Please return the listing exactly as it stands, skipping any pictures.

BEGIN Input

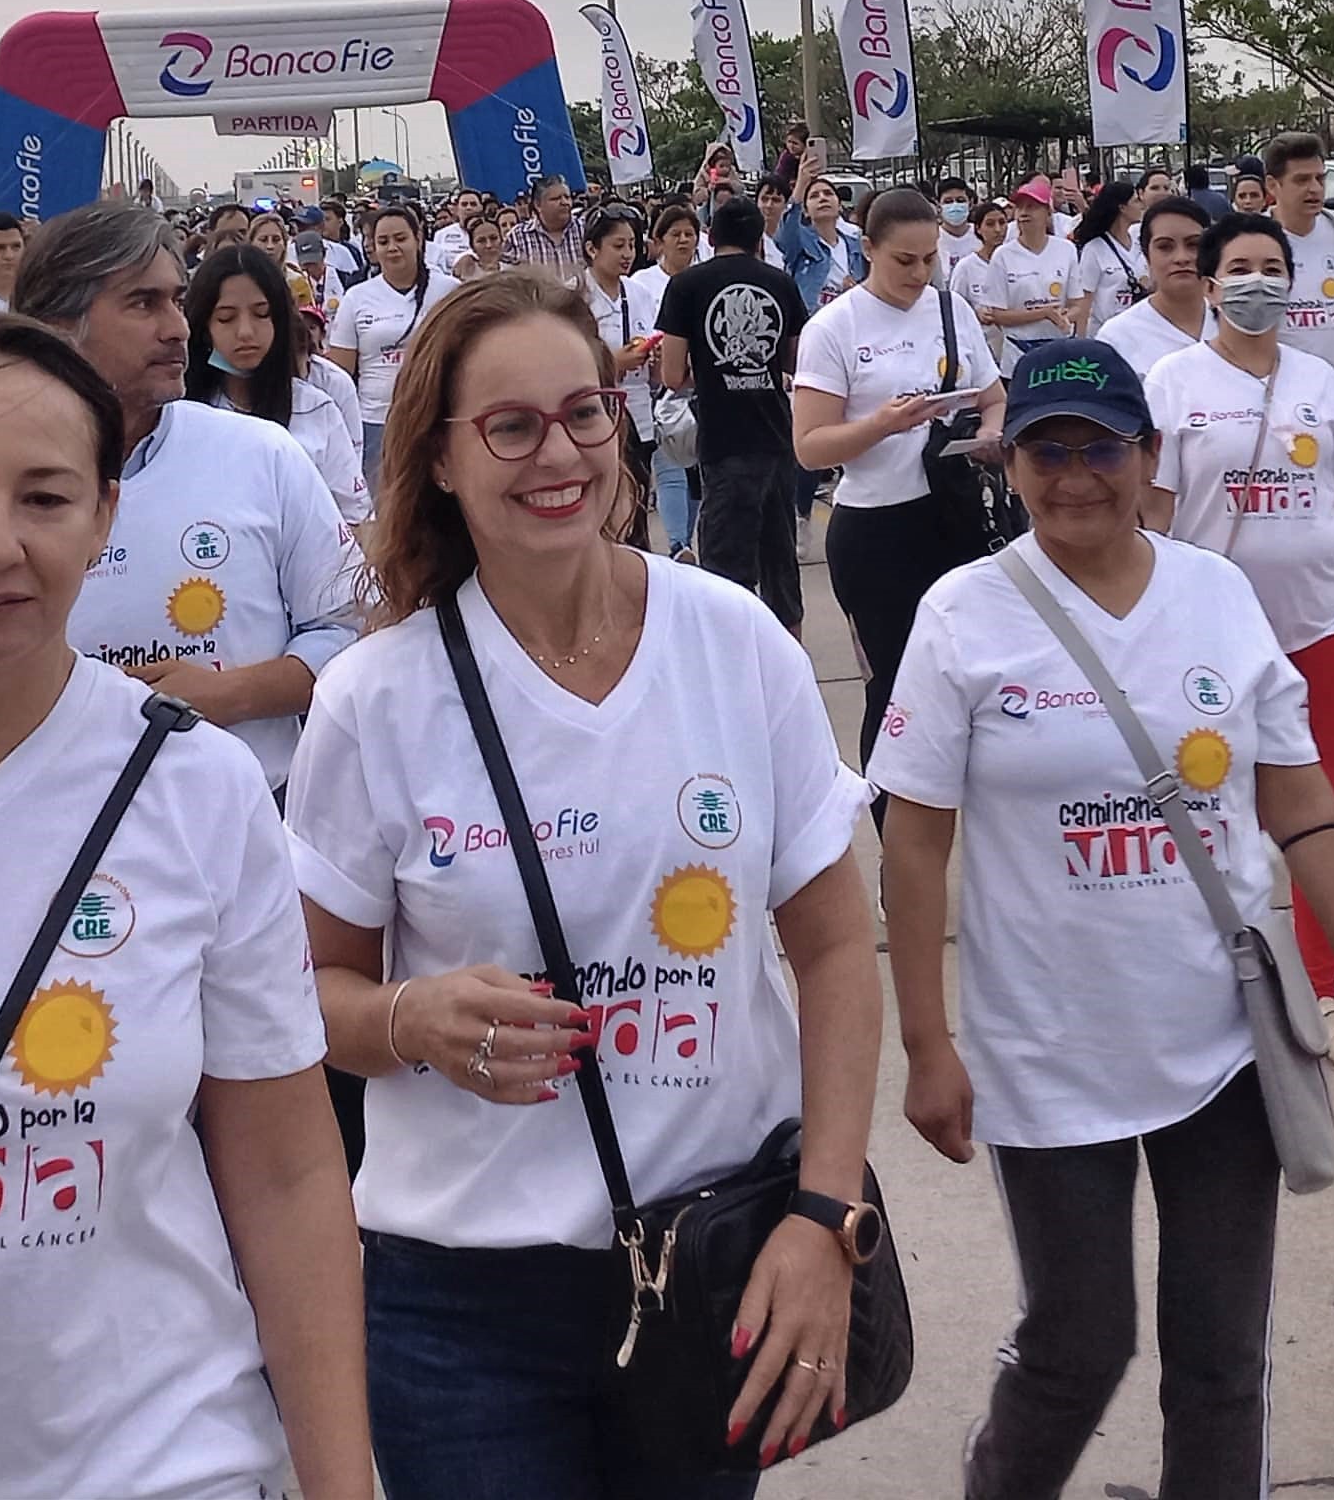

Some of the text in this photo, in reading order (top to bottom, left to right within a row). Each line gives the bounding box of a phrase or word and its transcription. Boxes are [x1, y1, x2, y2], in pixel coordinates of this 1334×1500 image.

[232, 116, 318, 132] PARTIDA
[175, 645, 200, 660] por
[699, 812, 731, 833] CRE
[72, 918, 115, 940] CRE
[654, 965, 692, 993] por
[697, 964, 716, 988] la
[624, 1073, 641, 1085] EL
[20, 1106, 67, 1139] por
[74, 1099, 96, 1125] la

END Input

(Response below)
Some of the text in this photo, in reading order (top to bottom, left to right within a row). Each line gives the bounding box of a phrase or word and its transcription. Boxes are [x1, y1, x2, y2], in pixel coordinates of this 1334×1500 image.

[232, 116, 318, 132] PARTIDA
[175, 645, 200, 660] por
[699, 812, 731, 833] CRE
[72, 918, 115, 940] CRE
[654, 965, 692, 993] por
[697, 964, 716, 988] la
[624, 1073, 641, 1085] EL
[20, 1106, 67, 1139] por
[74, 1099, 96, 1125] la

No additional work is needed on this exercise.